Chromium ups cancer risk for tannery workers
Hyderabad: The use of chromium for tanning leather is nudging workers towards contracting cancer. Researchers from Osmania University, as part of a study to find the effect of chromium toxicity on tannery workers, collected blood samples of 92 workers from different tanneries. They found that there was significant damage in the DNA of the workers due to chromium.
Dr K. Rudrama Devi, Professor Emeritus at the university’s Human Genetics and Molecular Lab, said, “Our findings conclude that chromium exposure has caused instability of genetic material in the workers. These individuals and even their children have increased risk of developing cancer.” Dr Rudrama Devi, expert in occupational toxicity, said, “Lack of basic precautions like provision of gloves, uniform covering the skin and face masks are resulting in chromium toxicity in workers.”

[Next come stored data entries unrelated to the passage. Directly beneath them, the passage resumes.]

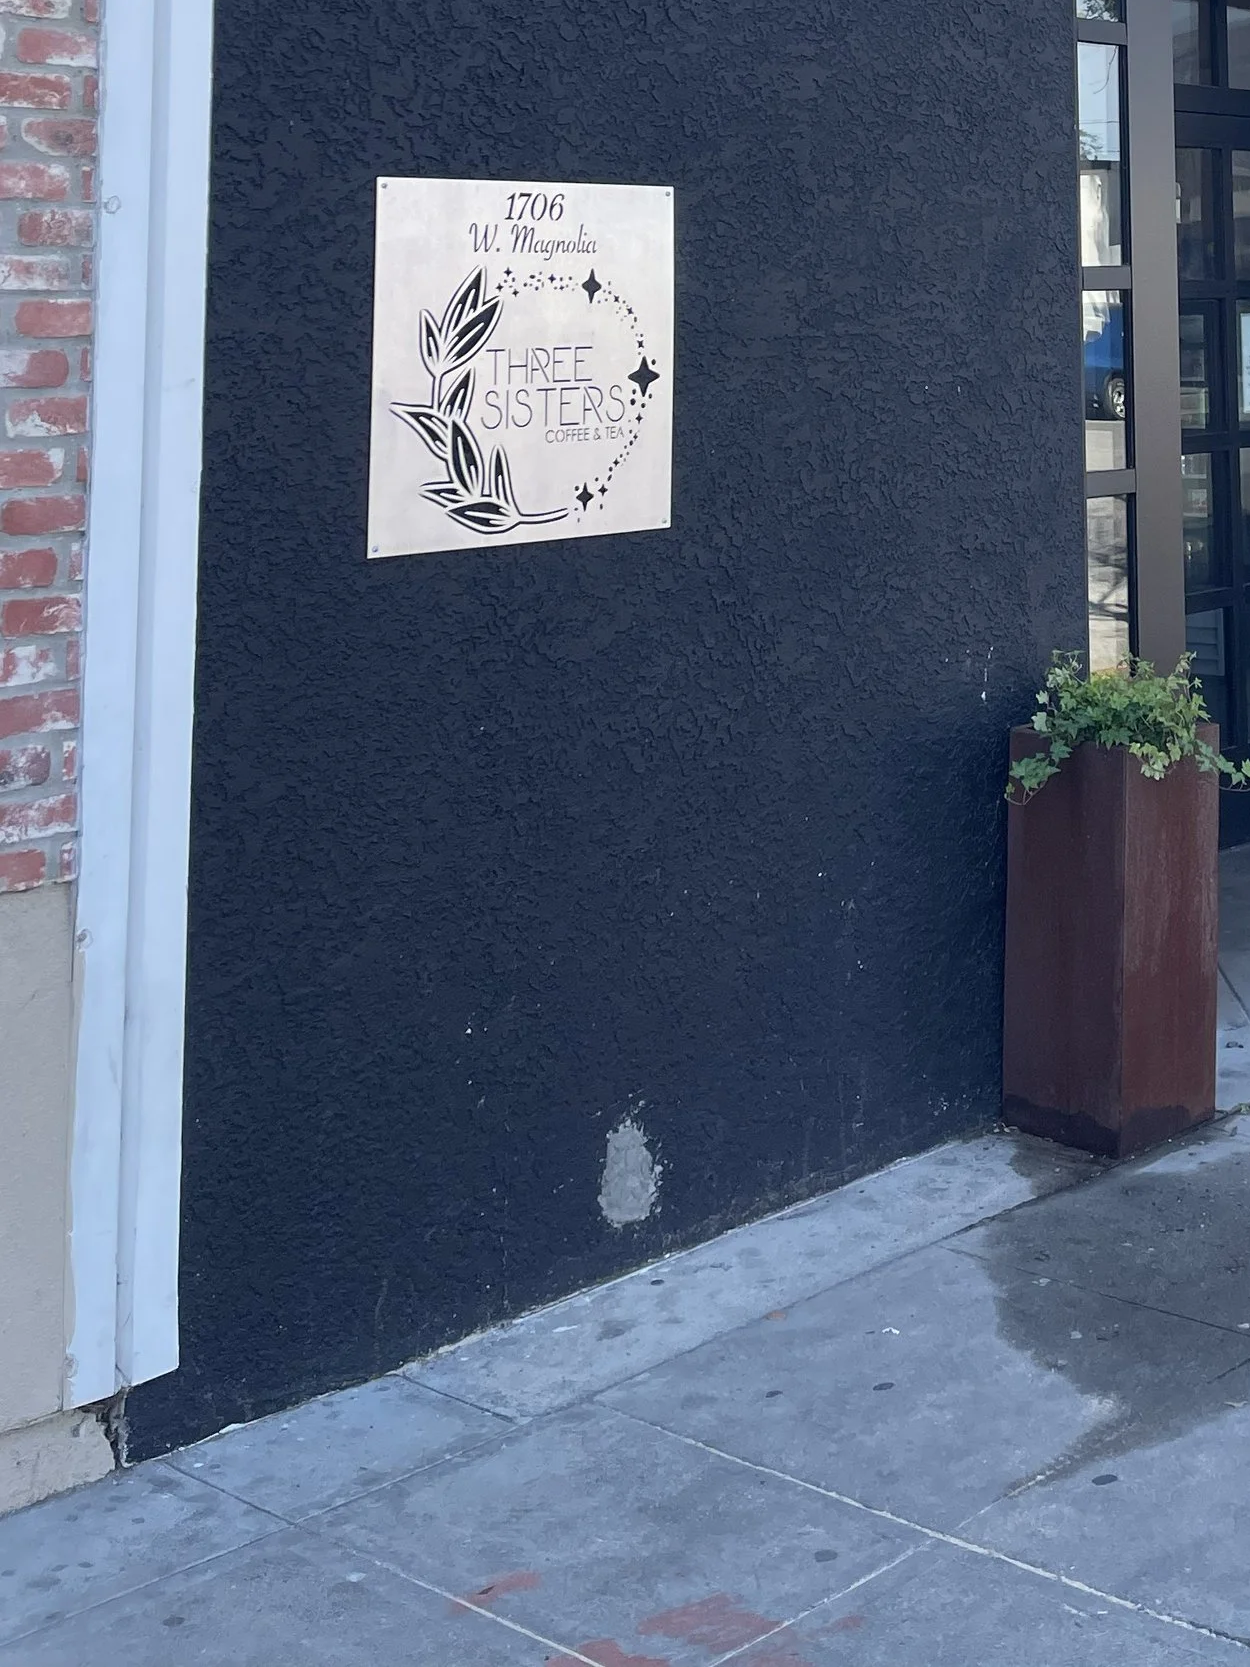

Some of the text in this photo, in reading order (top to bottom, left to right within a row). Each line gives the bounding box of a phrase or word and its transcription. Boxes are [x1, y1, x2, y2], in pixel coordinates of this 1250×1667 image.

[504, 192, 566, 222] 1706
[468, 222, 599, 261] W. Magnolia
[485, 346, 594, 386] THREE
[480, 384, 626, 430] SISTERS
[544, 425, 625, 445] COFFEE & TEA

She said, “Chrome tanning is still the most economically advantageous method to produce good quality leather and there is a necessity to find equally effective but safer alternative to it. “Vegetable oils are being used in some tanneries but its availability to meet the needs of all tanneries in the country is doubtful as it is mainly consumed as edible oil.” When contacted Telangana state Pollution Control Board officials said that tanneries had been directed to use trivalent chromium for tanning leather which was a safer alternative to hexavalent chromium and that many tanneries are using trivalent chromium.
However, Dr Devi says that while hexavalent chromium was regarded as a primary toxic threat due to its there have been studies which prove absorption of trivalent chromium in workers exposed to it. She noted in her study that while the rate of uptake of trivalent chromium by cells is slower, it is absorbed to a larger extent than hexavalent chromium, due to better solubility in biological membranes.